ASSIGNMENT: All of the lines below need to be copied exactly, apart from the pictures.

- - -

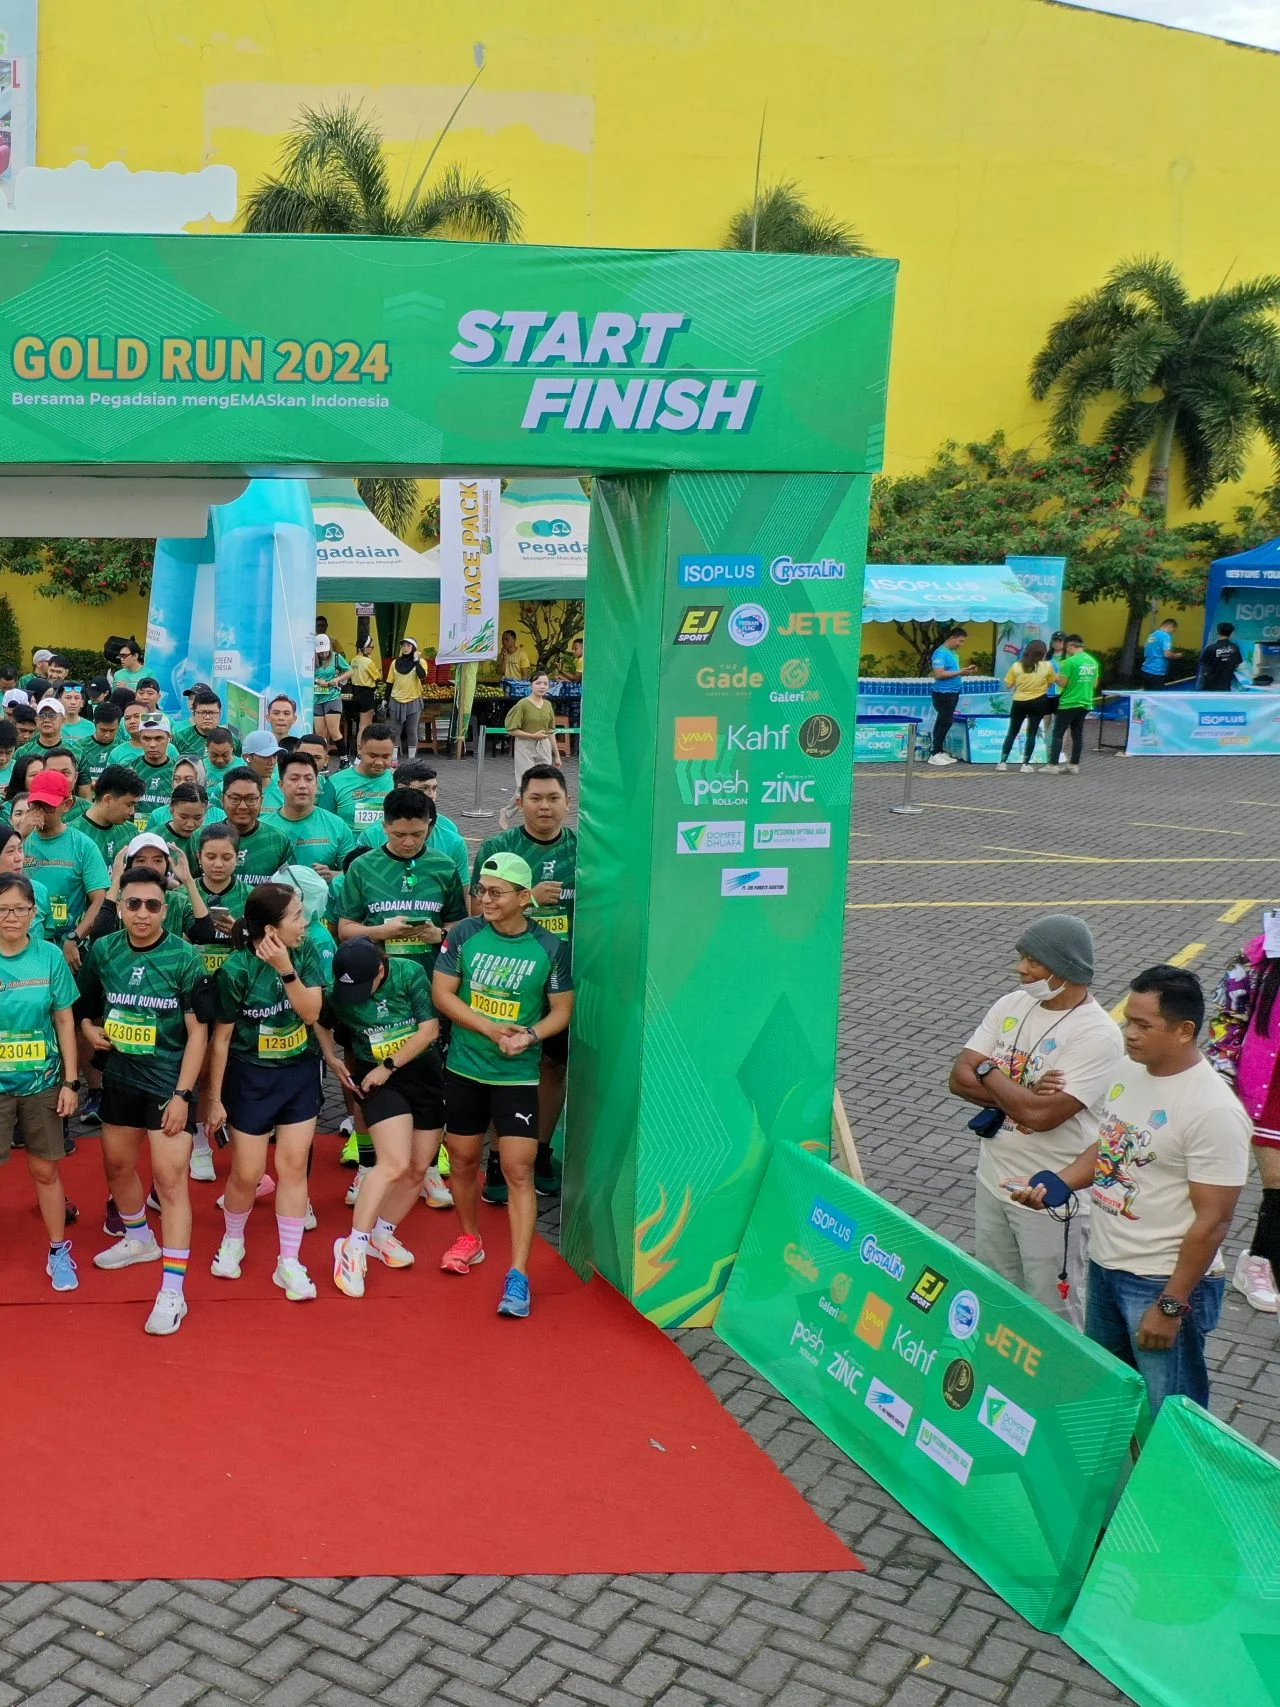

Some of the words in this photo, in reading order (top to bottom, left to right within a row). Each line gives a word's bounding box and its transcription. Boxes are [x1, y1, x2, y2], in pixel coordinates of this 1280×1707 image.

[450, 310, 684, 364] START
[14, 336, 147, 380] GOLD
[161, 338, 263, 381] RUN
[274, 340, 391, 382] 2024
[12, 391, 85, 406] Bersama
[90, 392, 177, 409] Pegadaian
[182, 393, 306, 410] mengEMASkan
[311, 393, 390, 408] Indonesia
[521, 378, 756, 431] FINISH
[459, 481, 481, 547] PACK
[317, 546, 400, 562] gadaian
[463, 551, 482, 615] RACE
[684, 565, 755, 582] ISOPLUS
[1017, 575, 1056, 586] SOPLUS
[1263, 570, 1280, 579] YOU
[681, 611, 718, 634] EJ
[777, 612, 851, 636] JETE
[677, 634, 709, 642] SPORT
[696, 667, 764, 688] Gade
[727, 724, 790, 751] Kahf
[694, 769, 749, 806] posh
[761, 780, 816, 803] ZINC
[712, 797, 748, 806] ROLL-ON
[138, 994, 179, 1009] RUNNERS
[474, 994, 515, 1018] 123002
[108, 1023, 151, 1042] 123066
[264, 1028, 305, 1049] 123011
[811, 1205, 852, 1243] ISOPLUS
[915, 1271, 945, 1303] EJ
[909, 1292, 932, 1310] SPORT
[789, 1320, 825, 1355] posh
[891, 1323, 938, 1376] Kahf
[985, 1323, 1042, 1377] JETE
[826, 1351, 863, 1395] ZINC
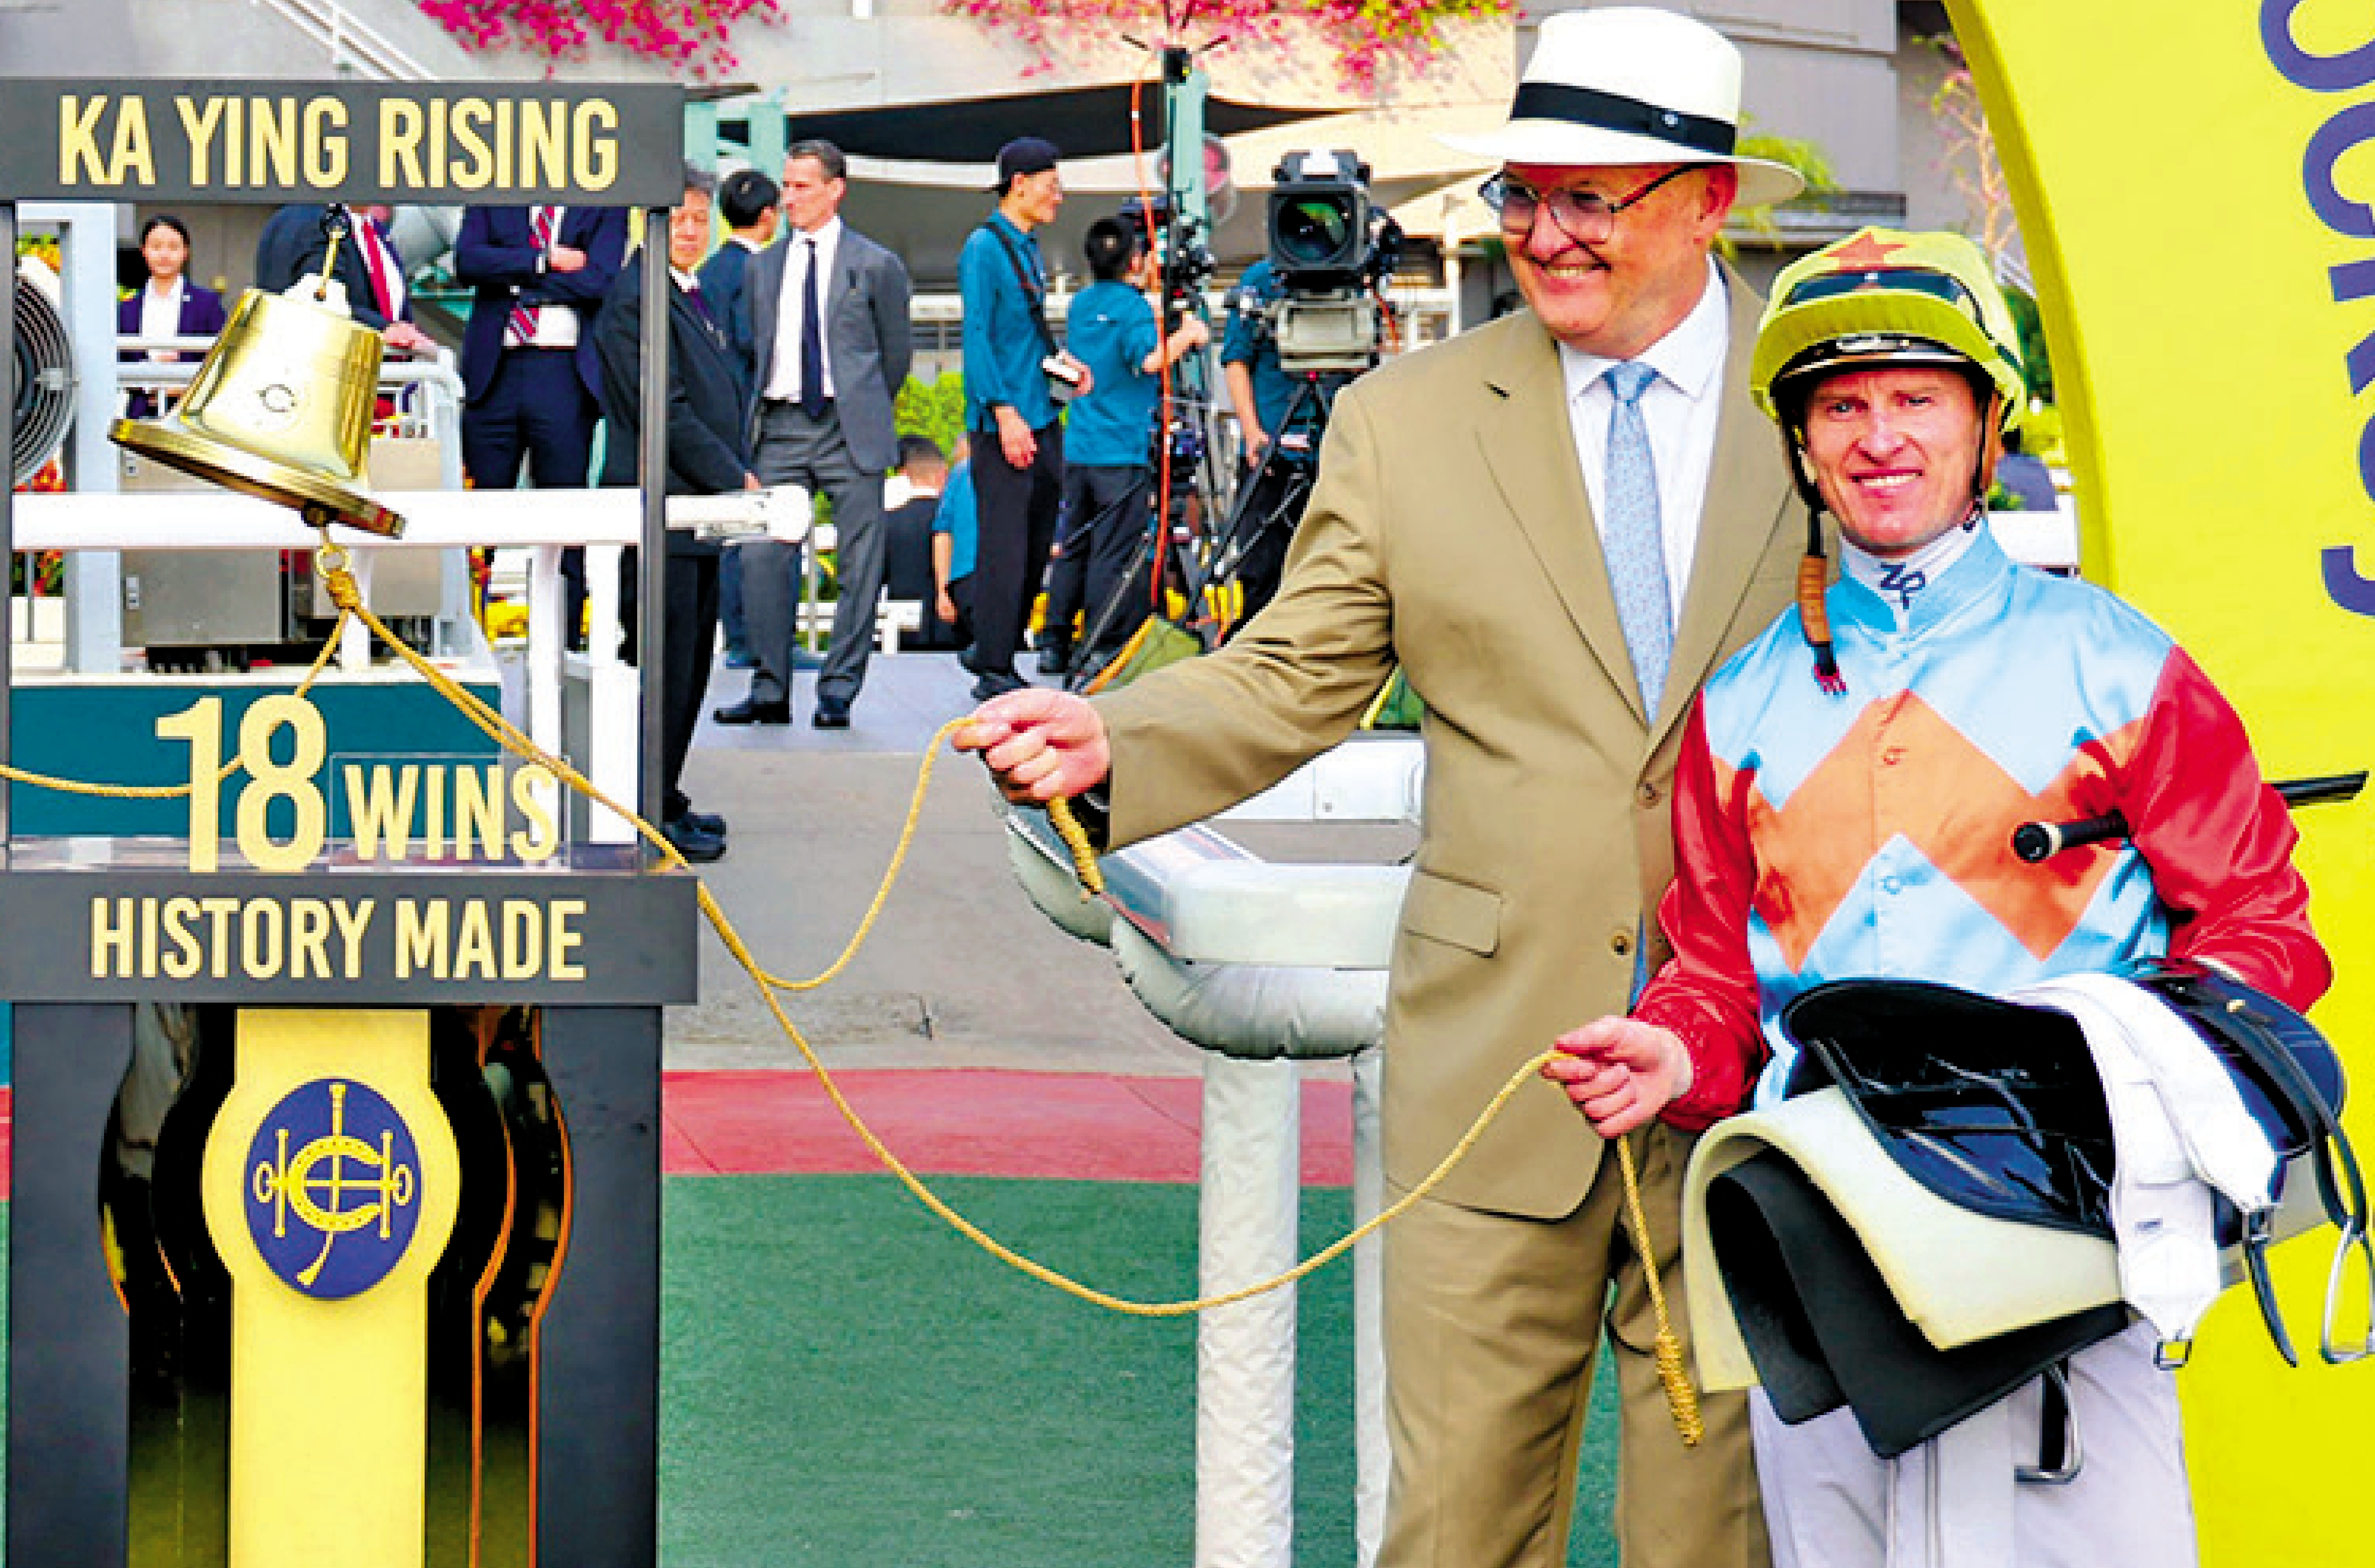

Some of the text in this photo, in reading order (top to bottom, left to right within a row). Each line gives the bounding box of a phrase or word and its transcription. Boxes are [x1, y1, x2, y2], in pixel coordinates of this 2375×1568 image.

[60, 94, 618, 191] KA YING RISING
[154, 694, 557, 872] 18 WINS
[90, 897, 587, 980] HISTORY MADE

- - -

ANSWER:
Some of the words in this photo, in reading order (top to bottom, left to right within a row). Each line gives a word's bounding box and its transcription. Boxes are [x1, y1, x2, y2], in pixel coordinates of this 1280×1707 image.

[450, 310, 684, 364] START
[14, 336, 147, 380] GOLD
[161, 338, 263, 381] RUN
[274, 340, 391, 382] 2024
[12, 391, 85, 406] Bersama
[90, 392, 177, 409] Pegadaian
[182, 393, 306, 410] mengEMASkan
[311, 393, 390, 408] Indonesia
[521, 378, 756, 431] FINISH
[459, 481, 481, 547] PACK
[317, 546, 400, 562] gadaian
[463, 551, 482, 615] RACE
[684, 565, 755, 582] ISOPLUS
[1017, 575, 1056, 586] SOPLUS
[1263, 570, 1280, 579] YOU
[681, 611, 718, 634] EJ
[777, 612, 851, 636] JETE
[677, 634, 709, 642] SPORT
[696, 667, 764, 688] Gade
[727, 724, 790, 751] Kahf
[694, 769, 749, 806] posh
[761, 780, 816, 803] ZINC
[712, 797, 748, 806] ROLL-ON
[138, 994, 179, 1009] RUNNERS
[474, 994, 515, 1018] 123002
[108, 1023, 151, 1042] 123066
[264, 1028, 305, 1049] 123011
[811, 1205, 852, 1243] ISOPLUS
[915, 1271, 945, 1303] EJ
[909, 1292, 932, 1310] SPORT
[789, 1320, 825, 1355] posh
[891, 1323, 938, 1376] Kahf
[985, 1323, 1042, 1377] JETE
[826, 1351, 863, 1395] ZINC

Some of the text in this photo, in reading order (top to bottom, left to right within a row). Each line gives the bounding box of a phrase or word and its transcription. Boxes are [x1, y1, x2, y2], in pixel coordinates of this 2375×1568 image.

[60, 94, 618, 191] KA YING RISING
[154, 694, 557, 872] 18 WINS
[90, 897, 587, 980] HISTORY MADE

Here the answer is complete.